Records provided:
------
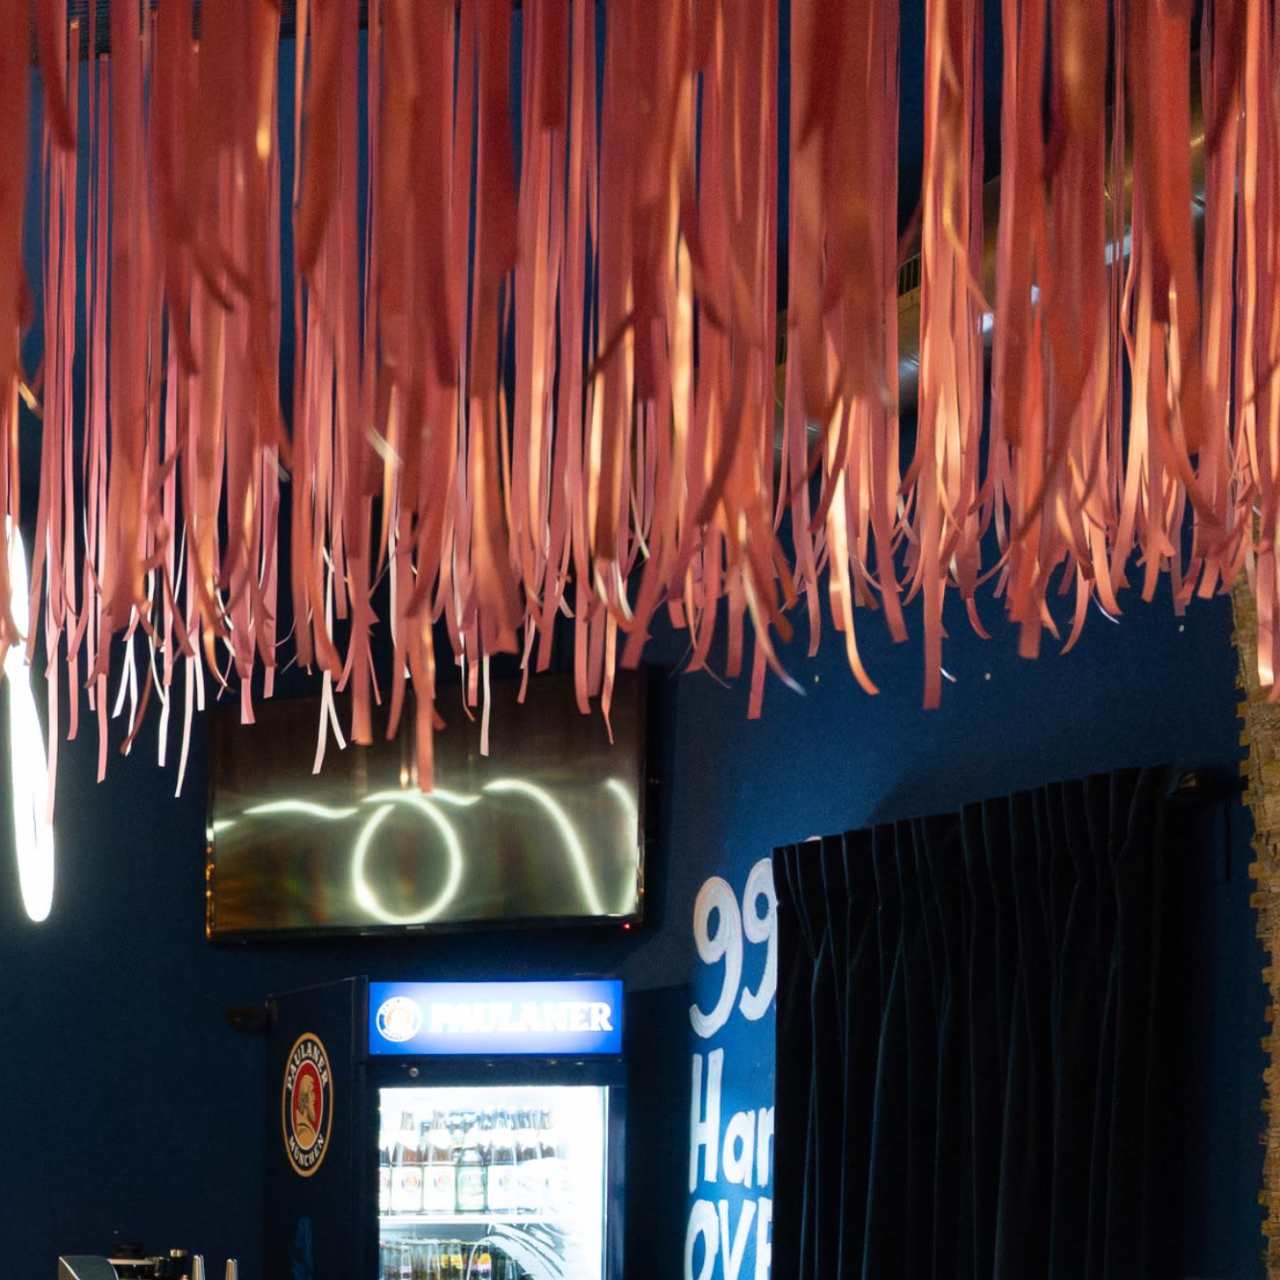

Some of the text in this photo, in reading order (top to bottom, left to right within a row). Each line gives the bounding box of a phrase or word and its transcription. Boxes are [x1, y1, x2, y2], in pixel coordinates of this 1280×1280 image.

[689, 859, 778, 1040] 99
[429, 1001, 614, 1032] PAULANER
[287, 1041, 329, 1090] PAULANER
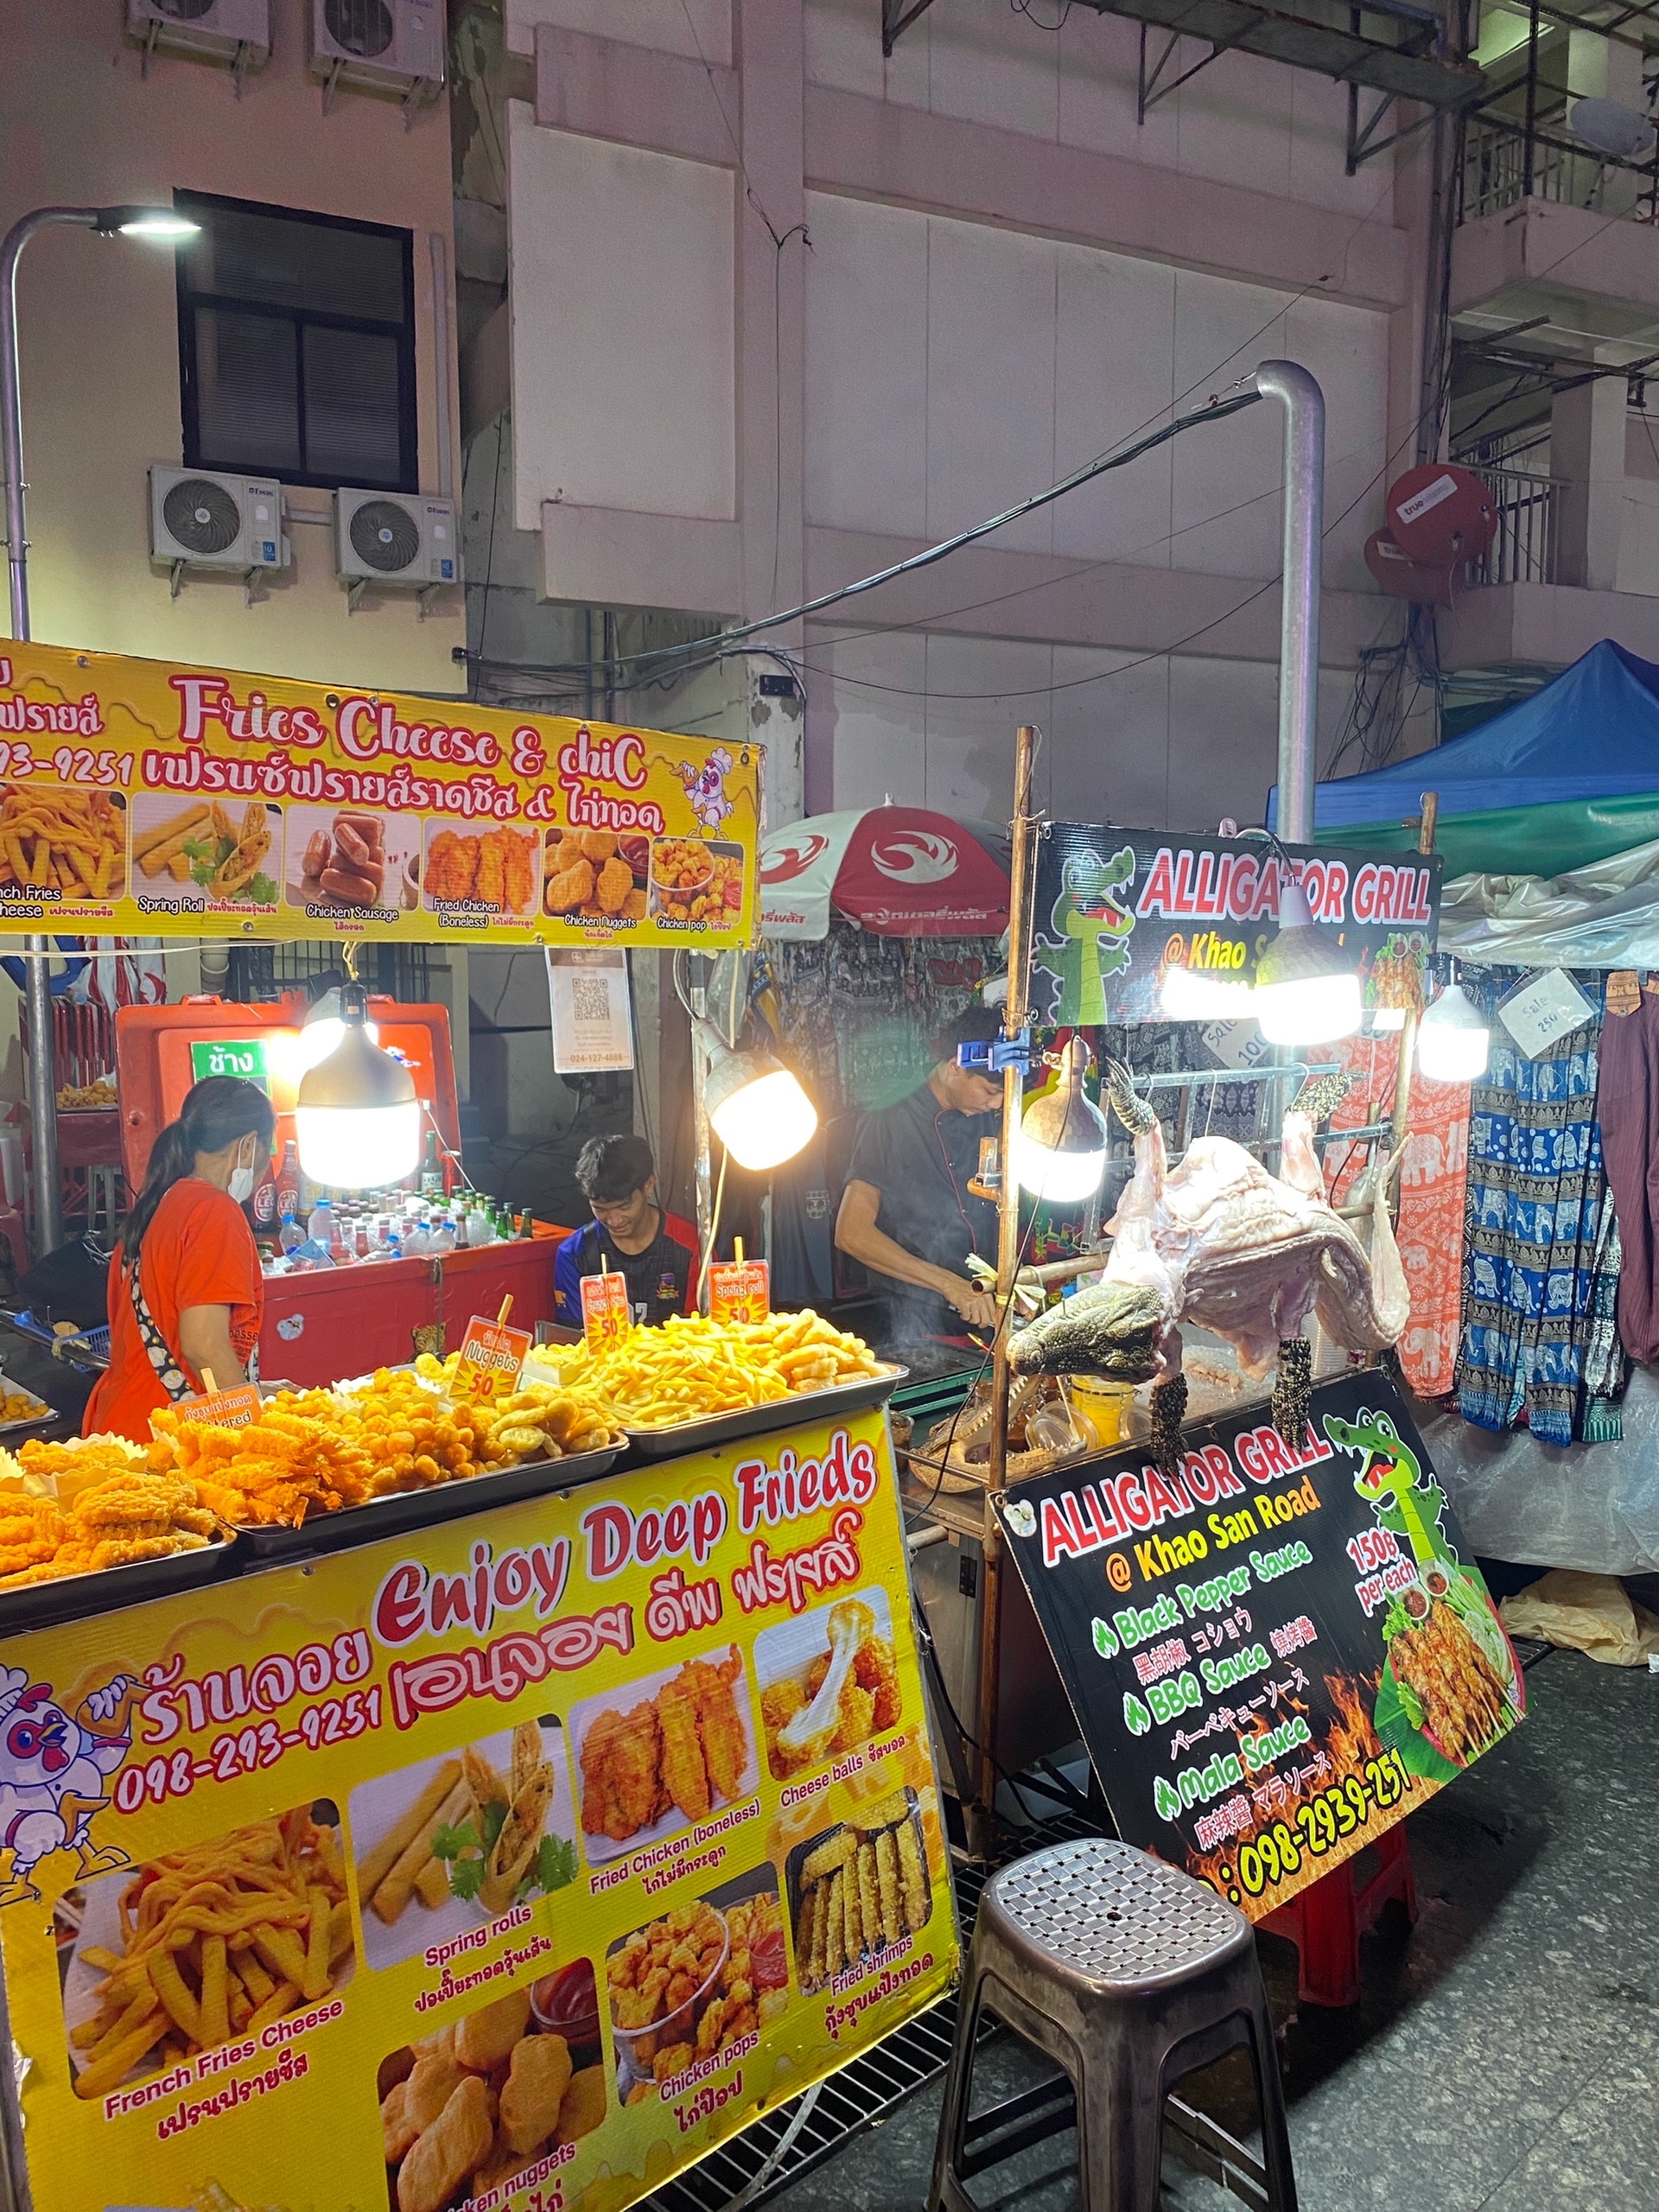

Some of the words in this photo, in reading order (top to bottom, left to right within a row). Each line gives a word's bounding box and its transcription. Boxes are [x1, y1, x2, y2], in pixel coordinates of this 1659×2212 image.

[170, 675, 327, 744] Fries
[337, 694, 499, 766] Cheese
[512, 727, 546, 777] &
[524, 783, 556, 821] &
[559, 776, 665, 836] ไก่ทอด
[25, 883, 62, 901] Fries
[138, 895, 180, 915] Spring
[181, 897, 205, 912] Roll
[306, 904, 351, 919] Chicken
[353, 906, 399, 924] Sausage
[432, 897, 460, 912] Fried
[461, 899, 499, 912] Chicken
[1352, 863, 1431, 925] GRILL
[438, 913, 489, 929] (Boneless)
[564, 913, 599, 927] Chicken
[601, 916, 637, 931] Nuggets
[657, 917, 689, 929] Chicken
[690, 920, 707, 933] pop
[1187, 931, 1247, 969] Khao
[1522, 995, 1549, 1019] Sale
[209, 1046, 253, 1072] ช้าง
[279, 1200, 296, 1209] LEO
[716, 1281, 746, 1299] Spring
[748, 1279, 764, 1294] roll
[465, 1339, 519, 1373] Nuggets
[372, 1535, 570, 1649] Enjoy
[580, 1488, 728, 1582] Deep
[733, 1430, 876, 1535] Frieds
[1105, 1552, 1132, 1592] @
[1134, 1529, 1207, 1582] Khao
[1208, 1508, 1258, 1549] San
[1254, 1474, 1321, 1530] Road
[645, 1566, 721, 1641] ดีพ
[1113, 1594, 1182, 1649] Black
[1176, 1567, 1250, 1617] Pepper
[1249, 1541, 1313, 1582] Sauce
[1355, 1574, 1385, 1617] per
[1383, 1553, 1418, 1595] each
[1192, 1607, 1253, 1653] コショウ
[140, 1628, 372, 1745] ร้านจอย
[1133, 1638, 1192, 1686] 黑胡椒
[1146, 1671, 1203, 1726] BBQ
[1200, 1643, 1272, 1694] Sauce
[113, 1685, 382, 1815] 098-293-9251
[868, 1736, 906, 1763] ชีสบอล
[1178, 1754, 1242, 1808] Mala
[1241, 1716, 1312, 1772] Sauce
[780, 1774, 830, 1808] Cheese
[832, 1756, 863, 1782] balls
[1253, 1751, 1332, 1812] マラソース
[590, 1861, 632, 1896] Fried
[632, 1836, 690, 1873] Chicken
[693, 1799, 760, 1846] (boneless)
[1194, 1794, 1253, 1851] 麻辣醬
[425, 1928, 487, 1967] Spring
[492, 1906, 532, 1937] rolls
[831, 1966, 864, 1997] Fried
[867, 1936, 912, 1974] shrimps
[104, 2067, 191, 2122] French
[195, 2039, 257, 2081] Fries
[261, 1999, 344, 2050] Cheese
[661, 2053, 721, 2101] Chicken
[723, 2031, 759, 2068] pops
[503, 2143, 575, 2197] nuggets
------
Directions: Only the entries themselves should be output, word for word, with all pictures omitted.

Answer box:
Some of the text in this photo, in reading order (top to bottom, left to right within a row). Each line gives the bounding box of a phrase or word and its transcription. Boxes are [x1, y1, x2, y2], in pixel coordinates of this 1280×1280 image.

[689, 859, 778, 1040] 99
[429, 1001, 614, 1032] PAULANER
[287, 1041, 329, 1090] PAULANER

Some of the words in this photo, in reading order (top to bottom, left to right within a row). Each line gives a word's bounding box and its transcription. Boxes are [x1, y1, x2, y2], in pixel coordinates of this 1659×2212 image.

[170, 675, 327, 744] Fries
[337, 694, 499, 766] Cheese
[512, 727, 546, 777] &
[524, 783, 556, 821] &
[559, 776, 665, 836] ไก่ทอด
[25, 883, 62, 901] Fries
[138, 895, 180, 915] Spring
[181, 897, 205, 912] Roll
[306, 904, 351, 919] Chicken
[353, 906, 399, 924] Sausage
[432, 897, 460, 912] Fried
[461, 899, 499, 912] Chicken
[1352, 863, 1431, 925] GRILL
[438, 913, 489, 929] (Boneless)
[564, 913, 599, 927] Chicken
[601, 916, 637, 931] Nuggets
[657, 917, 689, 929] Chicken
[690, 920, 707, 933] pop
[1187, 931, 1247, 969] Khao
[1522, 995, 1549, 1019] Sale
[209, 1046, 253, 1072] ช้าง
[279, 1200, 296, 1209] LEO
[716, 1281, 746, 1299] Spring
[748, 1279, 764, 1294] roll
[465, 1339, 519, 1373] Nuggets
[372, 1535, 570, 1649] Enjoy
[580, 1488, 728, 1582] Deep
[733, 1430, 876, 1535] Frieds
[1105, 1552, 1132, 1592] @
[1134, 1529, 1207, 1582] Khao
[1208, 1508, 1258, 1549] San
[1254, 1474, 1321, 1530] Road
[645, 1566, 721, 1641] ดีพ
[1113, 1594, 1182, 1649] Black
[1176, 1567, 1250, 1617] Pepper
[1249, 1541, 1313, 1582] Sauce
[1355, 1574, 1385, 1617] per
[1383, 1553, 1418, 1595] each
[1192, 1607, 1253, 1653] コショウ
[140, 1628, 372, 1745] ร้านจอย
[1133, 1638, 1192, 1686] 黑胡椒
[1146, 1671, 1203, 1726] BBQ
[1200, 1643, 1272, 1694] Sauce
[113, 1685, 382, 1815] 098-293-9251
[868, 1736, 906, 1763] ชีสบอล
[1178, 1754, 1242, 1808] Mala
[1241, 1716, 1312, 1772] Sauce
[780, 1774, 830, 1808] Cheese
[832, 1756, 863, 1782] balls
[1253, 1751, 1332, 1812] マラソース
[590, 1861, 632, 1896] Fried
[632, 1836, 690, 1873] Chicken
[693, 1799, 760, 1846] (boneless)
[1194, 1794, 1253, 1851] 麻辣醬
[425, 1928, 487, 1967] Spring
[492, 1906, 532, 1937] rolls
[831, 1966, 864, 1997] Fried
[867, 1936, 912, 1974] shrimps
[104, 2067, 191, 2122] French
[195, 2039, 257, 2081] Fries
[261, 1999, 344, 2050] Cheese
[661, 2053, 721, 2101] Chicken
[723, 2031, 759, 2068] pops
[503, 2143, 575, 2197] nuggets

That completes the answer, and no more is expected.